Percentage of income / prices
You’ll notice, I threw out of this 30% rule above – some places want you to be paying no more than 30% of your salary toward rent. In many cases, that’s just not possible for our salary-depressed generation. But I’d remind you that it is one guidepost to at least know of. Look at your costs in the context of other costs in your life: food, drinks entertainment, insurance, savings, investment, etc. Come up with a monthly price that you’re comfortable paying and a price that you cannot go above. Stick to it.
Hitting the pavement
The early bird catches the worm. Do you think the landlord really wants to sit around vetting dozens of people? No. They want to feel comfortable that their property is not going to be ruined, that you will pay (on time and in full), and that you won’t cause trouble. So prove you are that person by being responsible and make it easy for them to decide to rent to you.

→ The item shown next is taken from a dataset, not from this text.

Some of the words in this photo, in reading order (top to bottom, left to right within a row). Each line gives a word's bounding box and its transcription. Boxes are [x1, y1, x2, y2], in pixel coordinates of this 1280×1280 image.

Follow up quickly and politely. Don’t let a landlord take advantage of you (see: Under Pressure) though.
When you visit the place, really inspect it. Is everything working? Will it be clean? Is this a place you want to live in? Is this a place you can live in? Bring a tape measure if you have items that need to fit. Bring a camera to take photos to remember things. Ask if you can take photos. Ask if there are known problems with the place. If you see neighbors, ask them how they like it. Ask about average utility costs for water, electricity, cable, internet, etc.. Ask about how they hook up Internet and charge for utilities. Ask about what’s nearby (or better yet walk around nearby). Get to know the neighborhood. Google map your commute time.

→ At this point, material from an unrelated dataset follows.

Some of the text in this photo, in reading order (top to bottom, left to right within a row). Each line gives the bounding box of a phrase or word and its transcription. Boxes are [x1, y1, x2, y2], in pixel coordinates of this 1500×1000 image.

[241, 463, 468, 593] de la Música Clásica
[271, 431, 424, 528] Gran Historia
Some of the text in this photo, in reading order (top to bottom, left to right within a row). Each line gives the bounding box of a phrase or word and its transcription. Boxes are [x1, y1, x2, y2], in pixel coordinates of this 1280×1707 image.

Some people will tell you that they used a real estate agent to help them. That’s fine but know that it doesn’t come free – agents I know of ask for one month’s rent in return for their help finding a place. It can take a lot of the headache out of researching and finding a place, if you trust your agent. If that’s for you, great. If that’s not, fine too. Just remember to keep in mind what incentives there are for an agent to help you and their mindset in working with you.
You will not find a place that is perfect. Know what you’re not willing to compromise on and what you are. Find a balance and go from there.

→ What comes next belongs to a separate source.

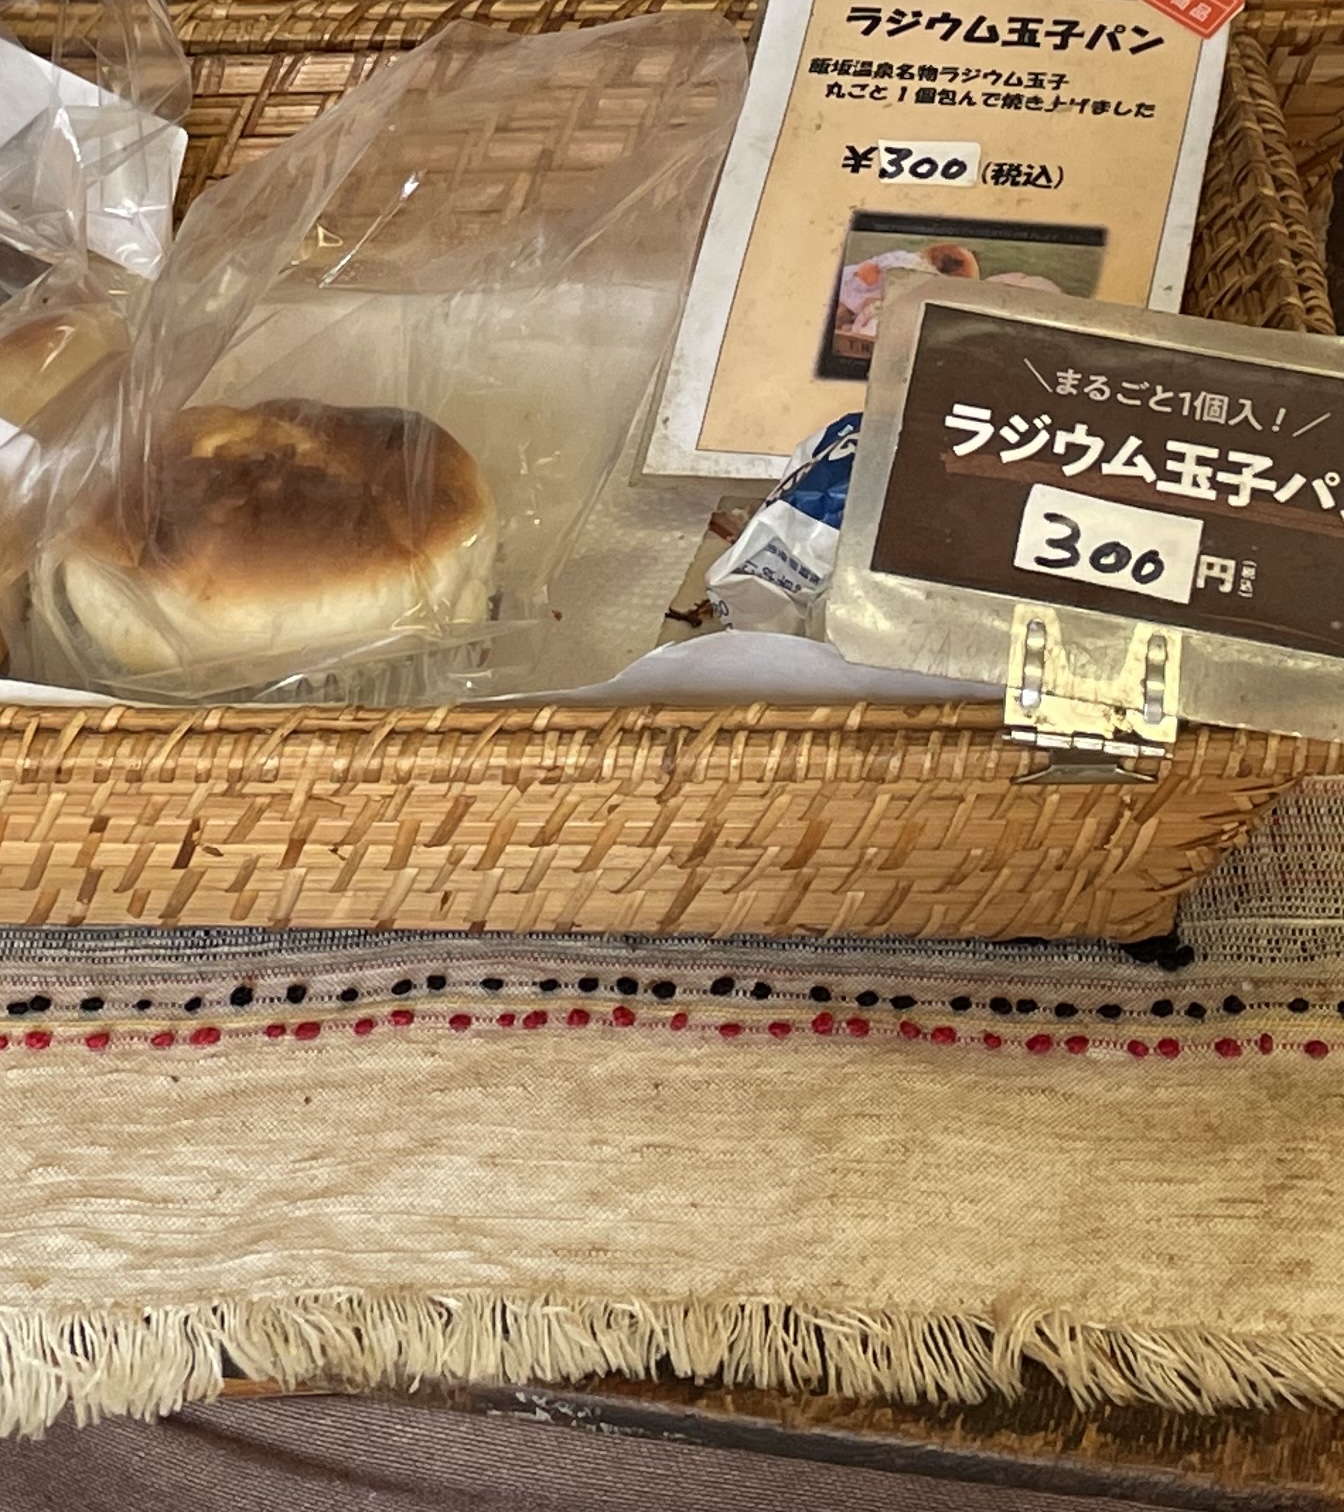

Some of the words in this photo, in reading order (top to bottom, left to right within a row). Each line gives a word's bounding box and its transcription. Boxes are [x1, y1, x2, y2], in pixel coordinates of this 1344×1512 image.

[846, 4, 1166, 57] ラジウム玉子パン
[808, 56, 1071, 92] 飯坂温泉名物ラジウム玉子
[825, 80, 1157, 120] 丸ごと1個包んで焼き上げました

If you have done your research and you feel good about something. Do it. Depending on the renting environment where you are, you might have to act pretty darn quick to make some of these decisions — within hours. The more places you see, the faster you’ll be able to make decisions about what’s right for you. That’s it – congrats!
Renting with others
On a side note, many grads coming from college want to live with others (because social life isn’t handed to you like at school). That’s awesome. But the flip side of the coin is that you’re dealing with lots of moving parts when searching/signing a lease. Before starting, figure out with friends what your position is and how you will make decisions. The other option is to have one person do the work and then bring others on board later. Up to you — but have a clear strategy or else things can go south quickly, no matter how good of friends you are.